• What you should do
Could you set down every entry exactly as it appears?
------------------------
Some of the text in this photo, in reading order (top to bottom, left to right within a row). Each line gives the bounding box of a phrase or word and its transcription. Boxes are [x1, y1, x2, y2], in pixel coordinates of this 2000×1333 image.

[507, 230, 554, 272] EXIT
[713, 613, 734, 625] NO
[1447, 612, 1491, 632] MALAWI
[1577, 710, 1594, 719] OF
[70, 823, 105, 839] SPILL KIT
------------------------
• Answer to the exercise
Some of the text in this photo, in reading order (top to bottom, left to right within a row). Each line gives the bounding box of a phrase or word and its transcription. Boxes are [x1, y1, x2, y2], in pixel coordinates of this 2000×1333 image.

[507, 230, 554, 272] EXIT
[713, 613, 734, 625] NO
[1447, 612, 1491, 632] MALAWI
[1577, 710, 1594, 719] OF
[70, 823, 105, 839] SPILL KIT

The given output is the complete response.